Derzeit befindet sich Nina in der so genannten Gewöhnungsphase, d.h. ich komme jeden Mittwoch mit ihr an die Schule, damit sie sich an das Gebäude und die vielen Schüler gewöhnt. Schon sehr früh hatte das Tier regen Kontakt zu vielen Menschen, darunter auch einige Kinder. Meine beiden Söhne wachsen ja sogar mit der Dalmatinerdame auf. Ab September wird Nina an drei Tagen in der Woche mit mir an der Schule sein, wobei sie maximal fünf bis acht Schulstunden begleiten wird, genauer gesagt meinen Mathematikunterricht. Vor dem Unterricht werde ich selbst mit ihr Gassi gehen und sie hat einen eigenen Platz, den sie bereits kennen gelernt und akzeptiert hat, in meinem Büro. Dort kann sie jederzeit Entspannung finden, was für die Tiergesundheit vor allem in jungen Jahren äußerst wichtig ist.
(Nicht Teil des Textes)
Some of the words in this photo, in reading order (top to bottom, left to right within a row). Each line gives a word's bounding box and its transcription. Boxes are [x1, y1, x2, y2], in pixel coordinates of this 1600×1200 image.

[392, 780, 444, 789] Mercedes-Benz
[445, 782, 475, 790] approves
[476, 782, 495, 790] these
Gibt es eine spezielle Ausbildung für einen Schulhund?

Schon als Welpe besuchte Nina die Welpenschule von Martin Rütter in Ulm / Neu-Ulm und nach wie vor diejenige in Burgau. Außerdem absolvierte sie die Junghundeschule Ulm und erst vergangenen Samstag haben wir gemeinsam das Seminar „Körpersprache und Kommunikation beim Hund“ (ebenfalls in der Rütter-Schule) besucht. Natürlich haben wir auch für die Zukunft einige Ziele: Sobald Nina 15 Monate alt ist, kann sie sich der Begleithundeprüfung unterziehen und sich im Anschluss daran zu einem echten Therapiehund ausbilden lassen. Bereits im August durchläuft Nina eine weitere schulhundspezifische Fortbildung in Malching. Nina wird also in ihrer Entwicklung engmaschig durch die Hundeschule überwacht und immer besser ausgebildet.

Was tun denn nun Eltern, deren Kinder eine Hundehaarallergie oder Angst vor diesen Tieren haben?
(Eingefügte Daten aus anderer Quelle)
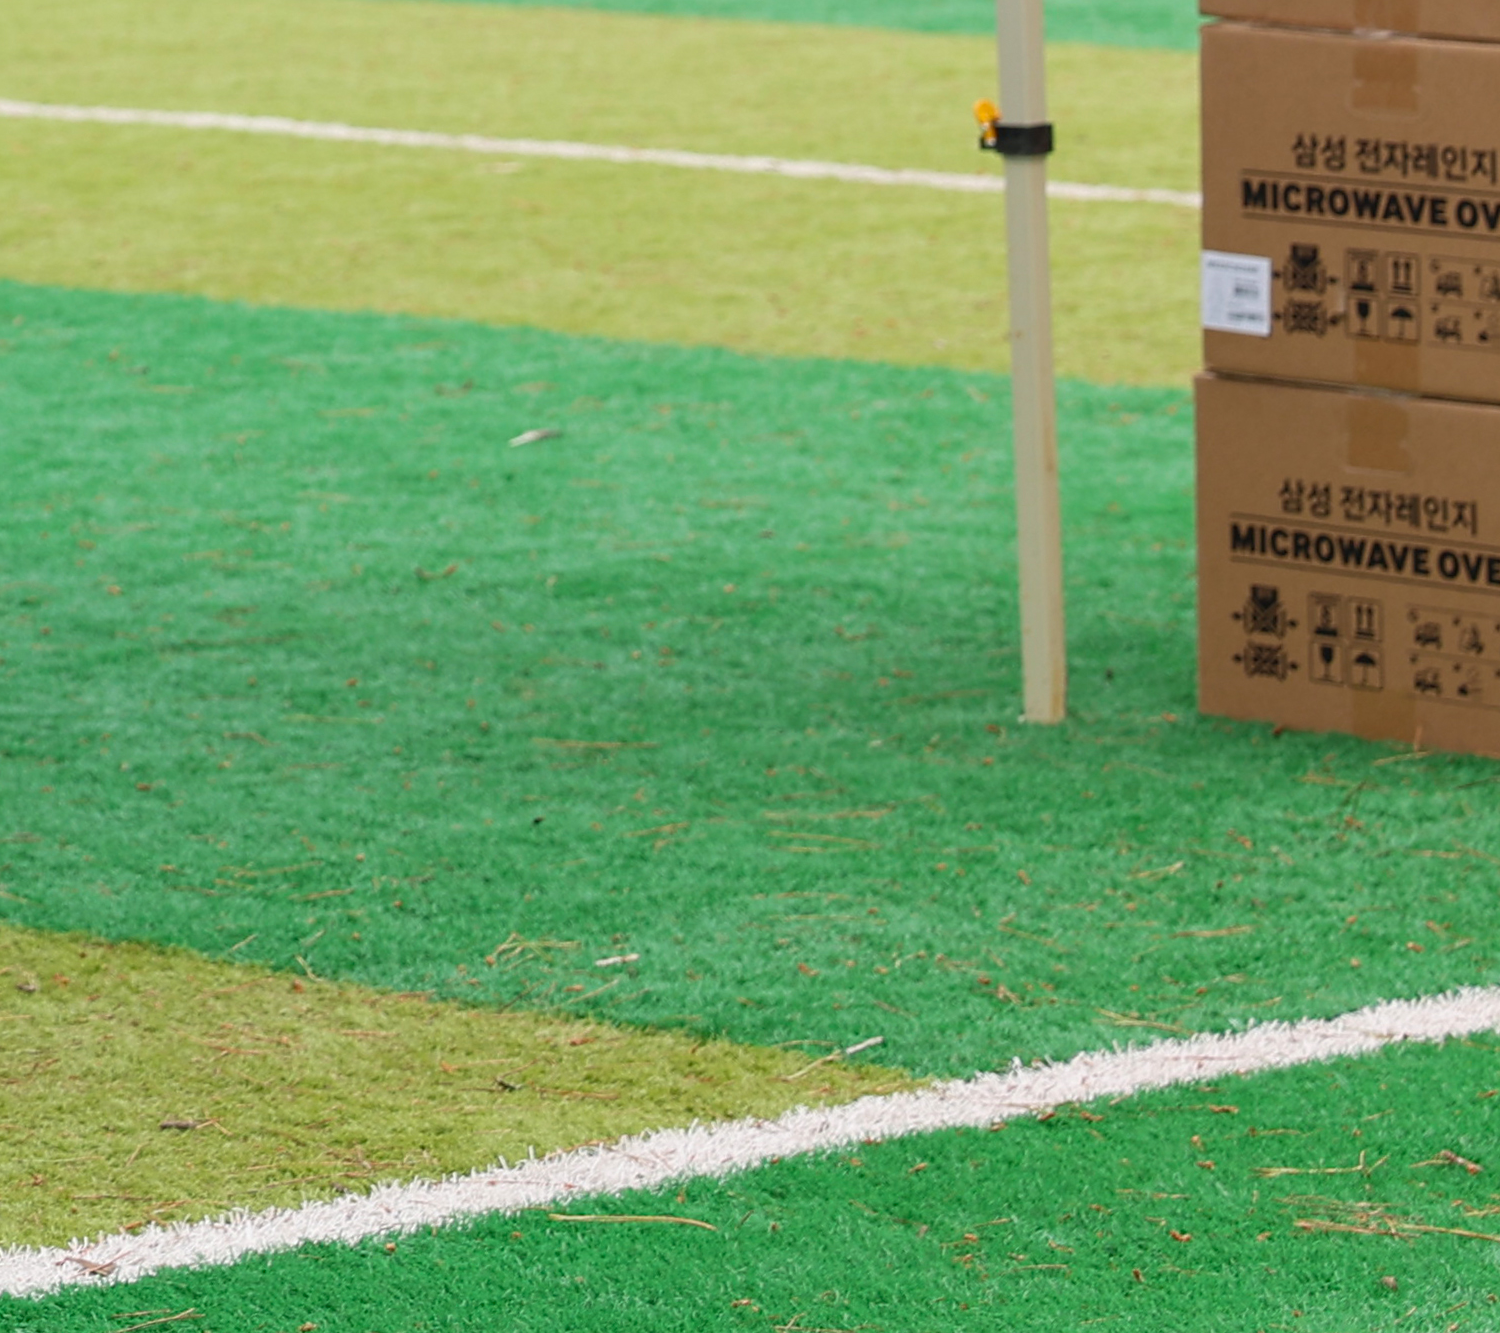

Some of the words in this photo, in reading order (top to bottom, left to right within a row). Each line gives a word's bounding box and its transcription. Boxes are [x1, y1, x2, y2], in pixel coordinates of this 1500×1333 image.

[1291, 133, 1346, 171] 삼성
[1355, 137, 1498, 185] 전자레인지
[1242, 181, 1447, 226] MICROWAVE
[1279, 478, 1331, 517] 삼성
[1341, 485, 1478, 536] 전자레인지
[1231, 522, 1430, 576] MICROWAVE
Zum Thema Allergie ist Folgendes zu sagen: Nina wird nur in einer unserer fünften Klassen zum Einsatz kommen, dort beginnt das Projekt. Natürlich kann jedes Kind frei wählen, ob es in die Klasse mit dem Schulhund gehen möchte oder lieber nicht. Schüler anderer Klassen und Jahrgangsstufen können fragen, ob Nina mit in den Unterricht kommen könnte, das wird jeweils individuell abgesprochen. Mit den Schülern, die Angst vor Hunden haben, würde ich gerne über diese Ängste sprechen, eine Annäherung an den Dalmatiner erfolgt nur sehr langsam und schrittweise. Es ist selbstverständlich, dass eher ängstliche Kinder durch mich von dem Hund abgeschirmt werden. Dies kann sehr leicht gelingen, da Nina bereits jetzt auf Handzeichen reagiert und im Klassenzimmer alle Kommandos beherrscht.

Welche Erfahrungswerte gibt es mit bereits eingesetzten Schulhunden?

Wer sich zu diesem Thema genauer informieren möchte, dem sei die Internetseite www.schulhundweb.de wärmstens ans Herz gelegt.

Wie können Sie garantieren, dass die Hygienemaßstäbe eingehalten werden?

Selbstverständlich gehe ich mit Nina regelmäßig zum Tierarzt, wo sie Zertifikate über verabreichte Impfungen und ihren Gesundheitszustand bekommt. Die Dalmatinerdame lebt bei mir und meiner Familie mit im Haus und wird dort natürlich auch regelmäßig gewaschen und gebadet. Auch dafür, dass Nina hochwertiges Futter bekommt, wird gesorgt.

Wie werden die Schüler über den Einsatz des Schulhundes informiert?

Zu Beginn des Schuljahres wird es eine Vollversammlung geben, in der die Regeln im Umgang mit dem Hund genau erläutert werden. Schon jetzt gibt es auf unserer Schulhomepage einen eigenen Blog, auf dem Sie einiges Wissenswertes über Nina nachlesen können. Außerdem wird sie beim Elternabend „Neu in 5“ mit dabei sein und auch am Tag der offenen Tür.